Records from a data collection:
▬▬▬▬▬▬

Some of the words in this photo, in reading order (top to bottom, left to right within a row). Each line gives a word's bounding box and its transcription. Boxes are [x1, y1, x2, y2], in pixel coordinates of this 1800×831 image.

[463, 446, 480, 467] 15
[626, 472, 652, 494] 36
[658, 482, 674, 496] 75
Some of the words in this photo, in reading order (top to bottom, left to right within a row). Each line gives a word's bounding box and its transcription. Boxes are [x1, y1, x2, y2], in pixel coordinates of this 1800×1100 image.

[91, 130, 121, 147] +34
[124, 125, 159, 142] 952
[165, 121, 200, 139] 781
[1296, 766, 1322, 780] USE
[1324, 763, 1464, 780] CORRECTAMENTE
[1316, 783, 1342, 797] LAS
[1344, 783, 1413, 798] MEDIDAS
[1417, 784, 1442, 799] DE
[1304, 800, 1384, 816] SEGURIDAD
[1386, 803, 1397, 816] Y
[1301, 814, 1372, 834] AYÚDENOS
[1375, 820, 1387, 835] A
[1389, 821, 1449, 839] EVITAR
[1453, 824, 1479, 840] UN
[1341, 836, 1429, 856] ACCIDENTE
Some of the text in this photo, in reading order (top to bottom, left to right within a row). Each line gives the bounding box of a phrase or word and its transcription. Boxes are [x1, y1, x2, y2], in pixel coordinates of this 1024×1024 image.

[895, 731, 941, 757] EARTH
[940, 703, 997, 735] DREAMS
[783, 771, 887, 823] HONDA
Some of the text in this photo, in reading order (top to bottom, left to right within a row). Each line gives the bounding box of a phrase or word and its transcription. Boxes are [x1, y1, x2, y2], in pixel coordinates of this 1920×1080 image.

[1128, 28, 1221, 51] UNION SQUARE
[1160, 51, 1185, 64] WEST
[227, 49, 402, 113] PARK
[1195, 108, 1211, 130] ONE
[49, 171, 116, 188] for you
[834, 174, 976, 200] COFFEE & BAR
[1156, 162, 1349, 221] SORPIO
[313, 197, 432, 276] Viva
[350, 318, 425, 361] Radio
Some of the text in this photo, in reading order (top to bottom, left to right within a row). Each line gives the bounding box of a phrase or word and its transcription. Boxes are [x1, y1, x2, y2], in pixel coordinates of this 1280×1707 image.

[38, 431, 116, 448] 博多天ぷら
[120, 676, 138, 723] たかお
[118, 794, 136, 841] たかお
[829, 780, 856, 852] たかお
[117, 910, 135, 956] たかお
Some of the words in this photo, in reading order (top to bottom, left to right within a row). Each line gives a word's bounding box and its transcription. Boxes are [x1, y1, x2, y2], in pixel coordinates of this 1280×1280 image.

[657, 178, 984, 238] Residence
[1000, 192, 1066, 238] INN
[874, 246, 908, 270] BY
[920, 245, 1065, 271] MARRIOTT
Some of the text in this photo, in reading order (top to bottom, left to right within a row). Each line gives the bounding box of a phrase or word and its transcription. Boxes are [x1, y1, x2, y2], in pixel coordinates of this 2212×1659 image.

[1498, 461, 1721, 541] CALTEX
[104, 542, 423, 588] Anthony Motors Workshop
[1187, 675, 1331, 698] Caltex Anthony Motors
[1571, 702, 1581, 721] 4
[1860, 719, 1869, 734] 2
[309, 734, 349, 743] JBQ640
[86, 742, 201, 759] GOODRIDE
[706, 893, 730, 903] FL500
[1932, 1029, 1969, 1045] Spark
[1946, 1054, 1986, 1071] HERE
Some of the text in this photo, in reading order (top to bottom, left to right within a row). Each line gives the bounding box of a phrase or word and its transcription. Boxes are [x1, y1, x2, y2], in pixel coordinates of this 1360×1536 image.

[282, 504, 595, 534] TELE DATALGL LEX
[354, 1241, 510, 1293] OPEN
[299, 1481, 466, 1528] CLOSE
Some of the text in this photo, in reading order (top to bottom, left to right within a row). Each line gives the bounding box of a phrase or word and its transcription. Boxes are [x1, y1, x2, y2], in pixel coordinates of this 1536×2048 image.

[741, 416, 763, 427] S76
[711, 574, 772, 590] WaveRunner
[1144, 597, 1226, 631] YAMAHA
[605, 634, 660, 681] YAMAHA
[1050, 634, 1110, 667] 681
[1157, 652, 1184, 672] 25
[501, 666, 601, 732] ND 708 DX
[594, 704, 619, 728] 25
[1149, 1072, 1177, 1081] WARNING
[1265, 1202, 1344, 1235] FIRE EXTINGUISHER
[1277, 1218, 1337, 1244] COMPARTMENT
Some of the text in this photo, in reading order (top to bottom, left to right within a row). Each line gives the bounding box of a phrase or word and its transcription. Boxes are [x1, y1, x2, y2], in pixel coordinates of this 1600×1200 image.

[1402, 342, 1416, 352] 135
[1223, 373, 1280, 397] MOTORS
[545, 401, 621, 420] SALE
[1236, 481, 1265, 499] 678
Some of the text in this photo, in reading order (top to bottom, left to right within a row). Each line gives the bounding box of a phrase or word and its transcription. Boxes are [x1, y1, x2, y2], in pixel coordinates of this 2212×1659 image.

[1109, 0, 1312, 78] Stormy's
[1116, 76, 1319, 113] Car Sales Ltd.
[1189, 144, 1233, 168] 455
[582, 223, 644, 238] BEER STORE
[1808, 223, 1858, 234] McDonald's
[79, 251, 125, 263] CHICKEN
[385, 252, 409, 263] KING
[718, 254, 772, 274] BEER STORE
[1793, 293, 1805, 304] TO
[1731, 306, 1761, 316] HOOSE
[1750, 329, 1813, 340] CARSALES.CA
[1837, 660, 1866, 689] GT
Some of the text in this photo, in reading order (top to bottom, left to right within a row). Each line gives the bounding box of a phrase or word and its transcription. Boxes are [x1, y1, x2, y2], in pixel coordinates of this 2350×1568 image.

▬▬▬▬▬▬

The entries above must be output exactly, with every line preserved.

Some of the words in this photo, in reading order (top to bottom, left to right within a row). Each line gives a word's bounding box and its transcription. Boxes are [x1, y1, x2, y2], in pixel coordinates of this 1800×831 image.

[463, 446, 480, 467] 15
[626, 472, 652, 494] 36
[658, 482, 674, 496] 75
Some of the words in this photo, in reading order (top to bottom, left to right within a row). Each line gives a word's bounding box and its transcription. Boxes are [x1, y1, x2, y2], in pixel coordinates of this 1800×1100 image.

[91, 130, 121, 147] +34
[124, 125, 159, 142] 952
[165, 121, 200, 139] 781
[1296, 766, 1322, 780] USE
[1324, 763, 1464, 780] CORRECTAMENTE
[1316, 783, 1342, 797] LAS
[1344, 783, 1413, 798] MEDIDAS
[1417, 784, 1442, 799] DE
[1304, 800, 1384, 816] SEGURIDAD
[1386, 803, 1397, 816] Y
[1301, 814, 1372, 834] AYÚDENOS
[1375, 820, 1387, 835] A
[1389, 821, 1449, 839] EVITAR
[1453, 824, 1479, 840] UN
[1341, 836, 1429, 856] ACCIDENTE
Some of the text in this photo, in reading order (top to bottom, left to right within a row). Each line gives the bounding box of a phrase or word and its transcription. Boxes are [x1, y1, x2, y2], in pixel coordinates of this 1024×1024 image.

[895, 731, 941, 757] EARTH
[940, 703, 997, 735] DREAMS
[783, 771, 887, 823] HONDA
Some of the text in this photo, in reading order (top to bottom, left to right within a row). Each line gives the bounding box of a phrase or word and its transcription. Boxes are [x1, y1, x2, y2], in pixel coordinates of this 1920×1080 image.

[1128, 28, 1221, 51] UNION SQUARE
[1160, 51, 1185, 64] WEST
[227, 49, 402, 113] PARK
[1195, 108, 1211, 130] ONE
[49, 171, 116, 188] for you
[834, 174, 976, 200] COFFEE & BAR
[1156, 162, 1349, 221] SORPIO
[313, 197, 432, 276] Viva
[350, 318, 425, 361] Radio
Some of the text in this photo, in reading order (top to bottom, left to right within a row). Each line gives the bounding box of a phrase or word and its transcription. Boxes are [x1, y1, x2, y2], in pixel coordinates of this 1280×1707 image.

[38, 431, 116, 448] 博多天ぷら
[120, 676, 138, 723] たかお
[118, 794, 136, 841] たかお
[829, 780, 856, 852] たかお
[117, 910, 135, 956] たかお
Some of the words in this photo, in reading order (top to bottom, left to right within a row). Each line gives a word's bounding box and its transcription. Boxes are [x1, y1, x2, y2], in pixel coordinates of this 1280×1280 image.

[657, 178, 984, 238] Residence
[1000, 192, 1066, 238] INN
[874, 246, 908, 270] BY
[920, 245, 1065, 271] MARRIOTT
Some of the text in this photo, in reading order (top to bottom, left to right within a row). Each line gives the bounding box of a phrase or word and its transcription. Boxes are [x1, y1, x2, y2], in pixel coordinates of this 2212×1659 image.

[1498, 461, 1721, 541] CALTEX
[104, 542, 423, 588] Anthony Motors Workshop
[1187, 675, 1331, 698] Caltex Anthony Motors
[1571, 702, 1581, 721] 4
[1860, 719, 1869, 734] 2
[309, 734, 349, 743] JBQ640
[86, 742, 201, 759] GOODRIDE
[706, 893, 730, 903] FL500
[1932, 1029, 1969, 1045] Spark
[1946, 1054, 1986, 1071] HERE
Some of the text in this photo, in reading order (top to bottom, left to right within a row). Each line gives the bounding box of a phrase or word and its transcription. Boxes are [x1, y1, x2, y2], in pixel coordinates of this 1360×1536 image.

[282, 504, 595, 534] TELE DATALGL LEX
[354, 1241, 510, 1293] OPEN
[299, 1481, 466, 1528] CLOSE
Some of the text in this photo, in reading order (top to bottom, left to right within a row). Each line gives the bounding box of a phrase or word and its transcription. Boxes are [x1, y1, x2, y2], in pixel coordinates of this 1536×2048 image.

[741, 416, 763, 427] S76
[711, 574, 772, 590] WaveRunner
[1144, 597, 1226, 631] YAMAHA
[605, 634, 660, 681] YAMAHA
[1050, 634, 1110, 667] 681
[1157, 652, 1184, 672] 25
[501, 666, 601, 732] ND 708 DX
[594, 704, 619, 728] 25
[1149, 1072, 1177, 1081] WARNING
[1265, 1202, 1344, 1235] FIRE EXTINGUISHER
[1277, 1218, 1337, 1244] COMPARTMENT
Some of the text in this photo, in reading order (top to bottom, left to right within a row). Each line gives the bounding box of a phrase or word and its transcription. Boxes are [x1, y1, x2, y2], in pixel coordinates of this 1600×1200 image.

[1402, 342, 1416, 352] 135
[1223, 373, 1280, 397] MOTORS
[545, 401, 621, 420] SALE
[1236, 481, 1265, 499] 678
Some of the text in this photo, in reading order (top to bottom, left to right within a row). Each line gives the bounding box of a phrase or word and its transcription. Boxes are [x1, y1, x2, y2], in pixel coordinates of this 2212×1659 image.

[1109, 0, 1312, 78] Stormy's
[1116, 76, 1319, 113] Car Sales Ltd.
[1189, 144, 1233, 168] 455
[582, 223, 644, 238] BEER STORE
[1808, 223, 1858, 234] McDonald's
[79, 251, 125, 263] CHICKEN
[385, 252, 409, 263] KING
[718, 254, 772, 274] BEER STORE
[1793, 293, 1805, 304] TO
[1731, 306, 1761, 316] HOOSE
[1750, 329, 1813, 340] CARSALES.CA
[1837, 660, 1866, 689] GT
Some of the text in this photo, in reading order (top to bottom, left to right within a row). Each line gives the bounding box of a phrase or word and its transcription. Boxes are [x1, y1, x2, y2], in pixel coordinates of this 2350×1568 image.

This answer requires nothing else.